### Instructions for the task
If you see a picture in the data below, omit it and copy the rest exactly.

### Study material
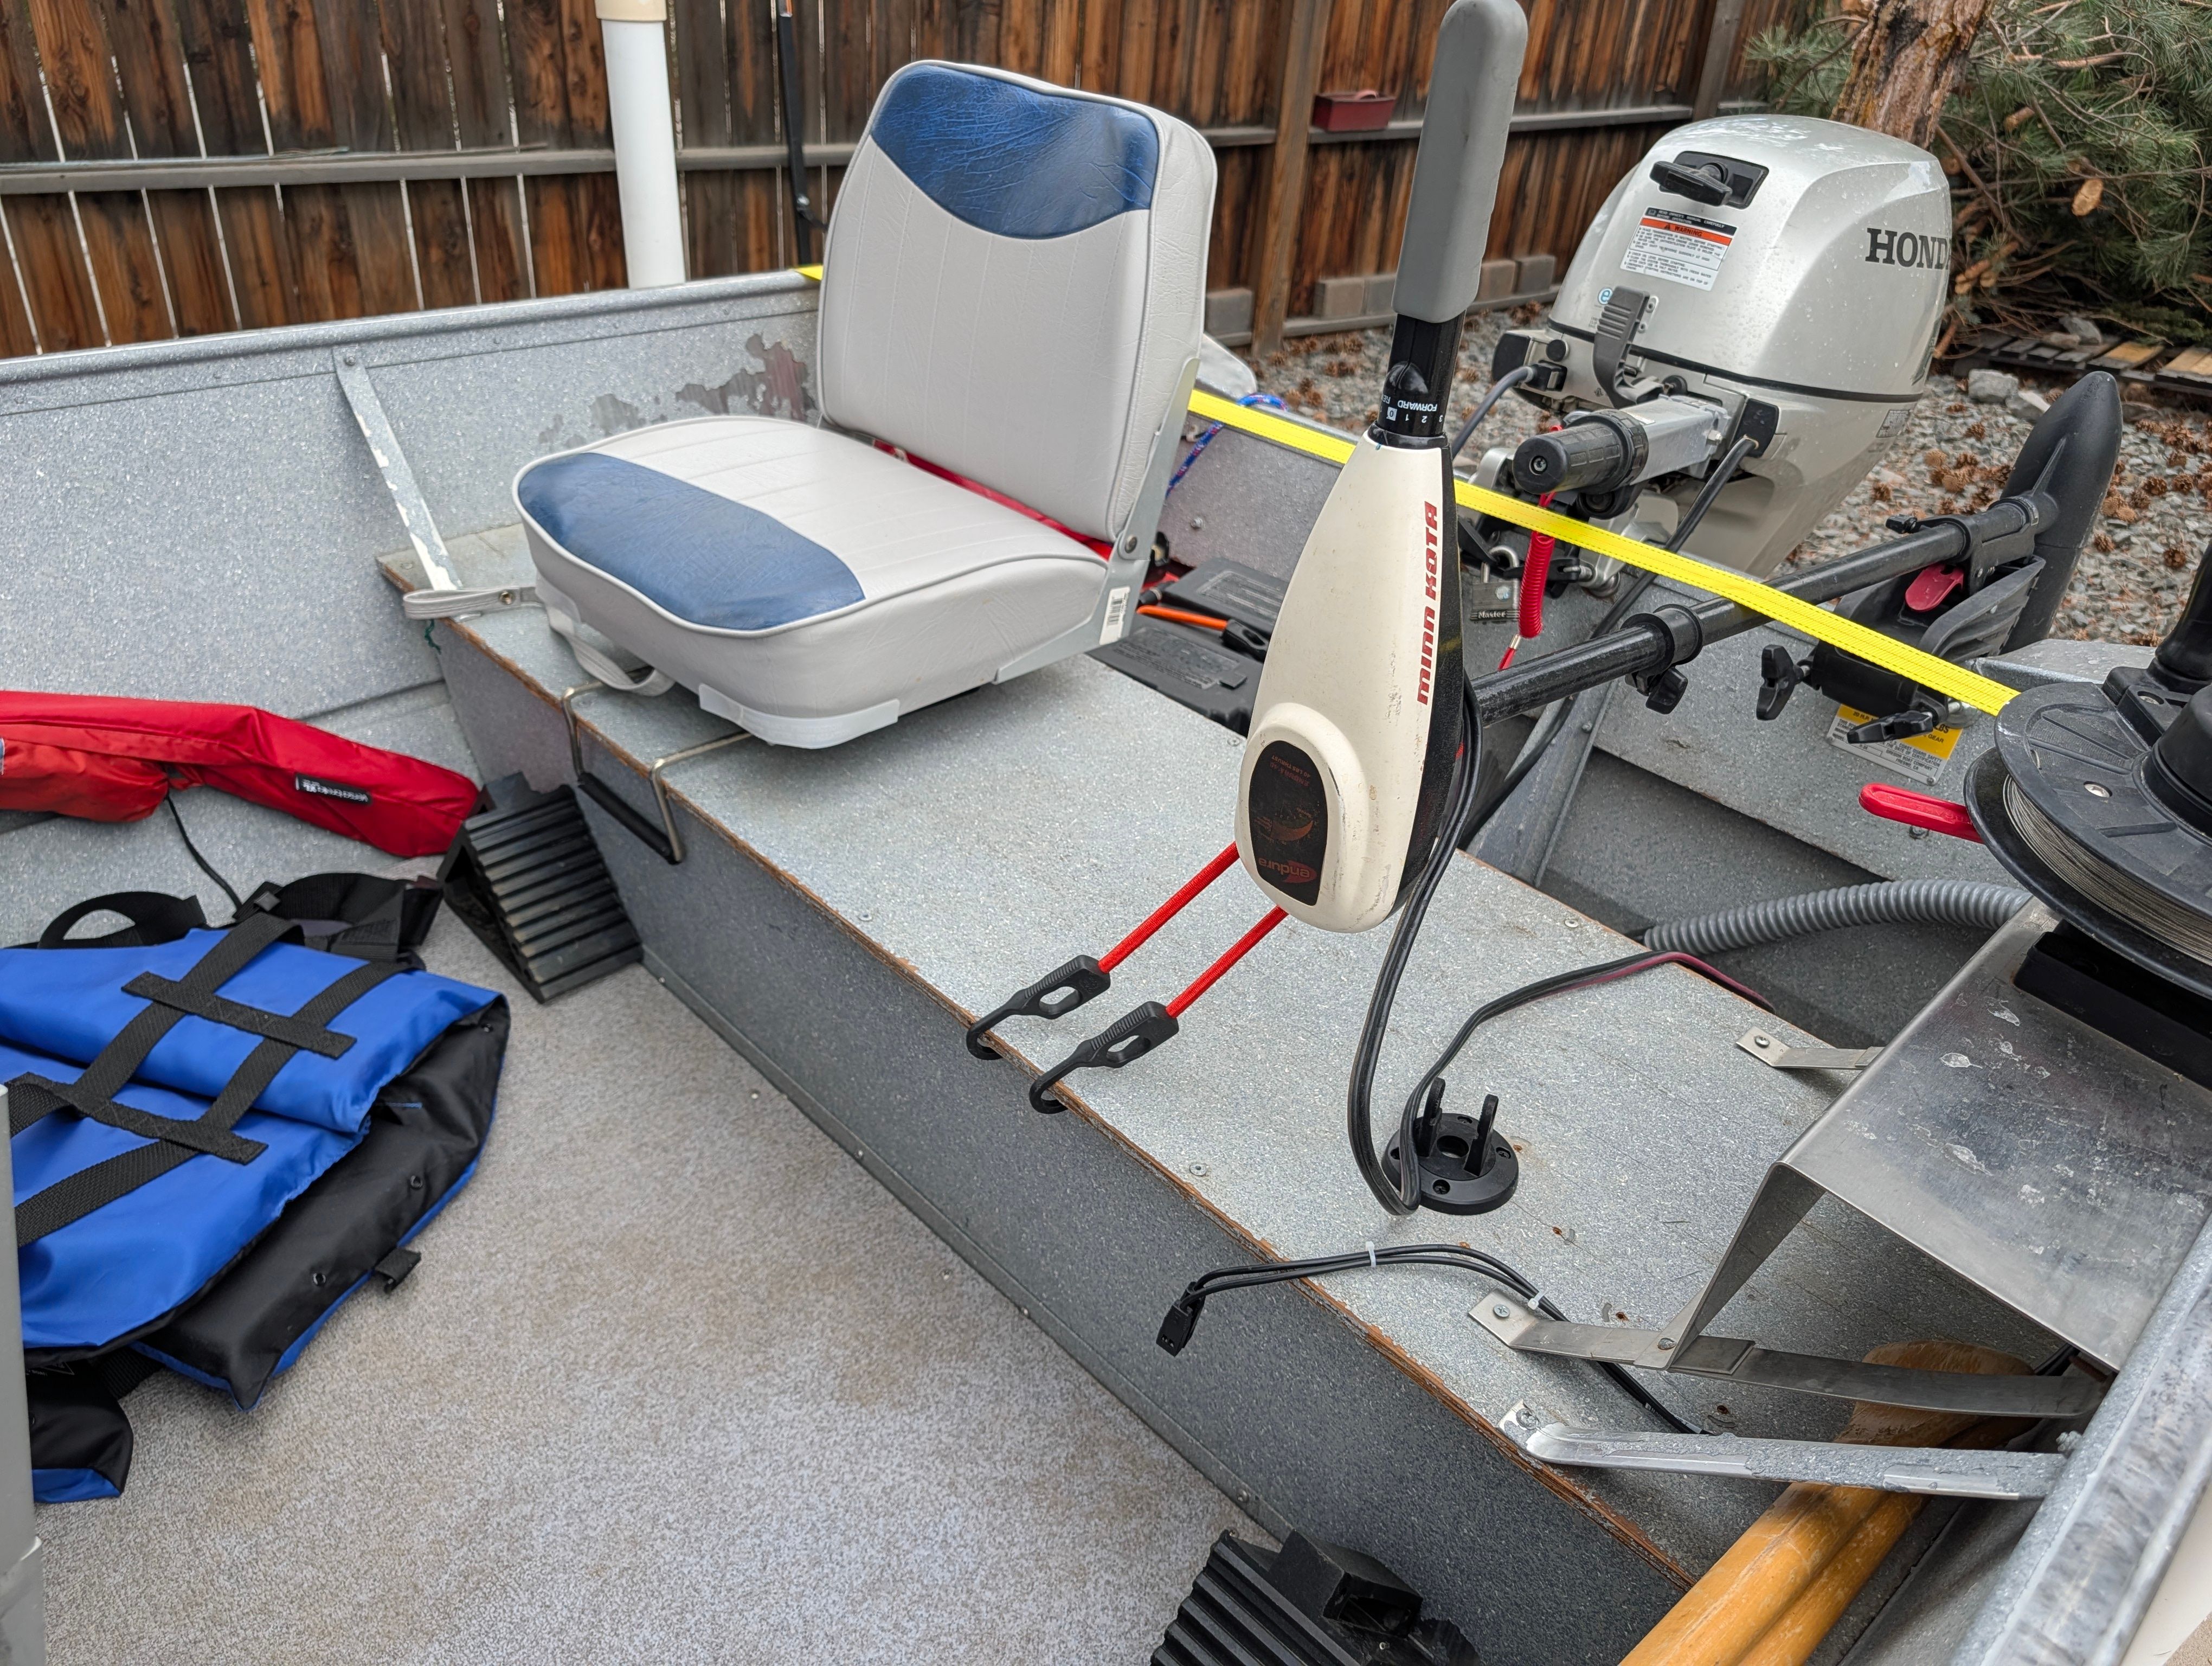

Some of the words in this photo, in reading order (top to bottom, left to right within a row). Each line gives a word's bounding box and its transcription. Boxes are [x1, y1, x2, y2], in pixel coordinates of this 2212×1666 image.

[1675, 226, 1702, 237] WARNING
[1397, 400, 1438, 412] FORWARD
[1424, 501, 1438, 601] KOTA
[1478, 611, 1506, 619] Master
[1928, 734, 1944, 744] GEAR
[1271, 754, 1291, 769] THRUST
[1258, 857, 1310, 878] endura
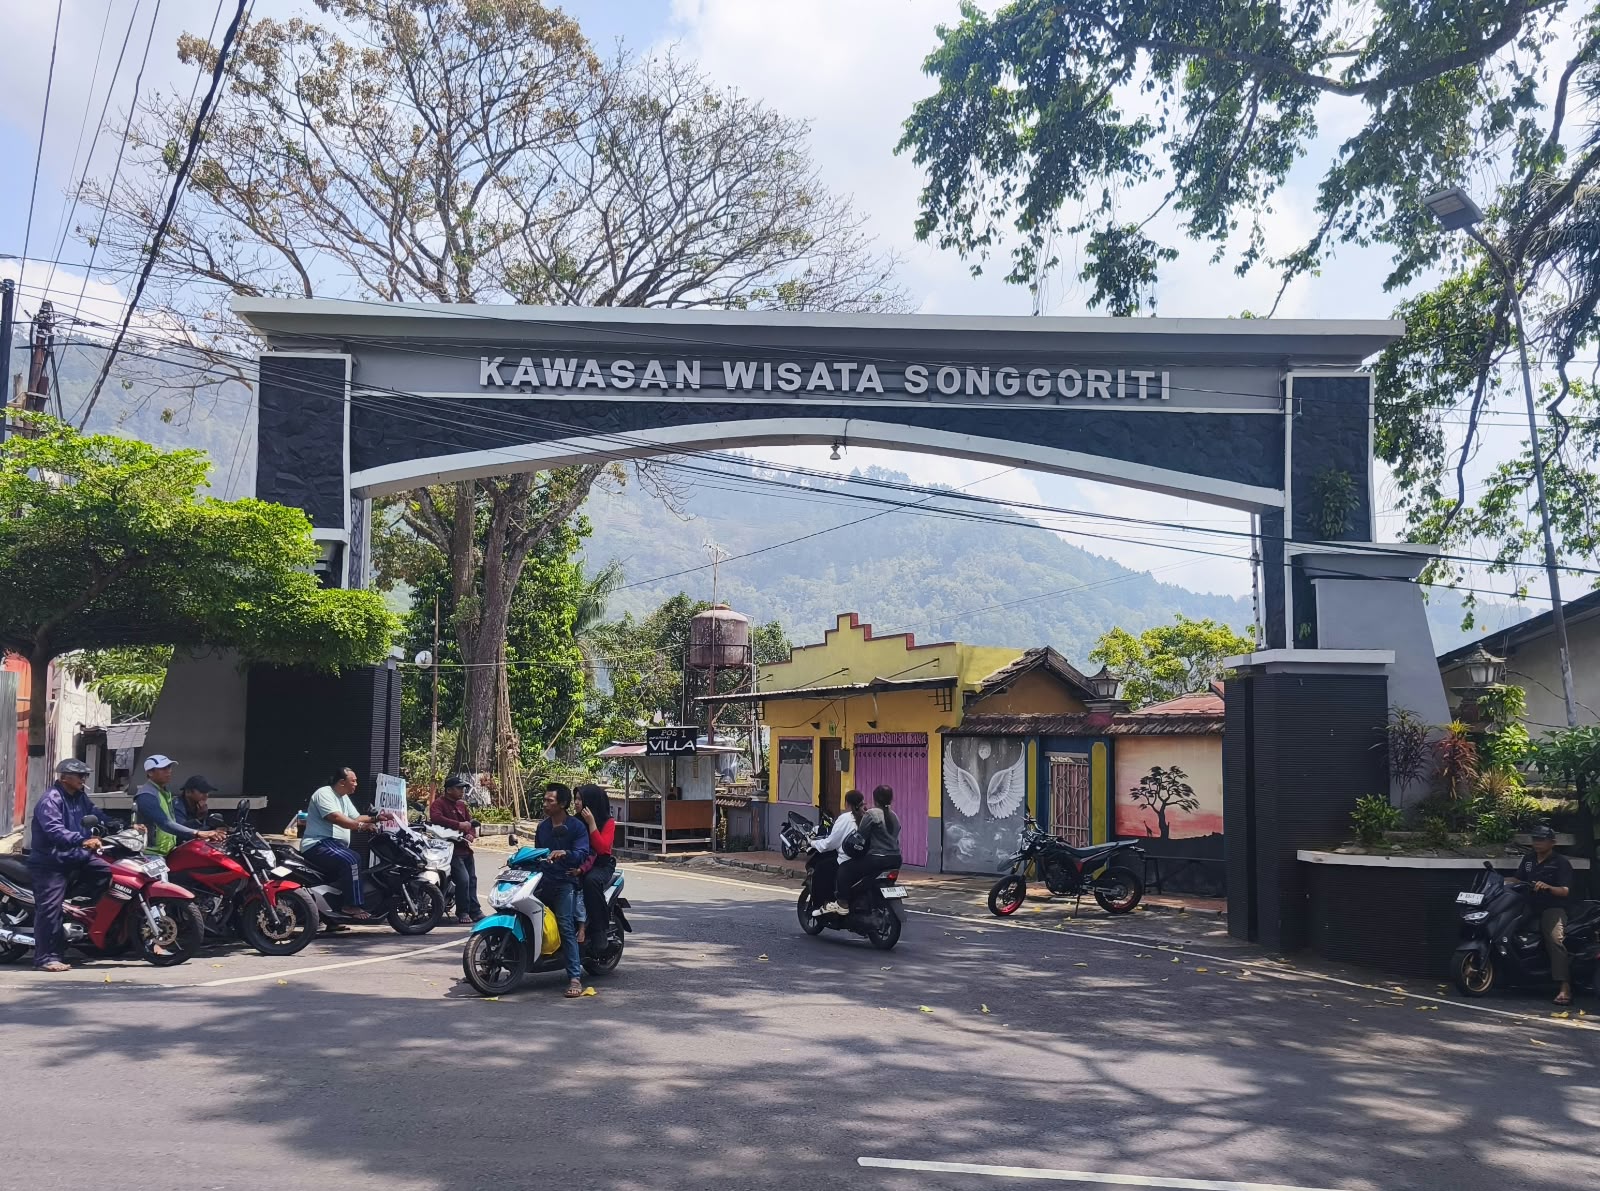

### Task output
Some of the words in this photo, in reading order (top to bottom, left to right within a row). Each line gives a word's bounding box and its transcription. Boxes are [x1, y1, x2, y2], in pixel coordinates of this 2212×1666 image.

[1675, 226, 1702, 237] WARNING
[1397, 400, 1438, 412] FORWARD
[1424, 501, 1438, 601] KOTA
[1478, 611, 1506, 619] Master
[1928, 734, 1944, 744] GEAR
[1271, 754, 1291, 769] THRUST
[1258, 857, 1310, 878] endura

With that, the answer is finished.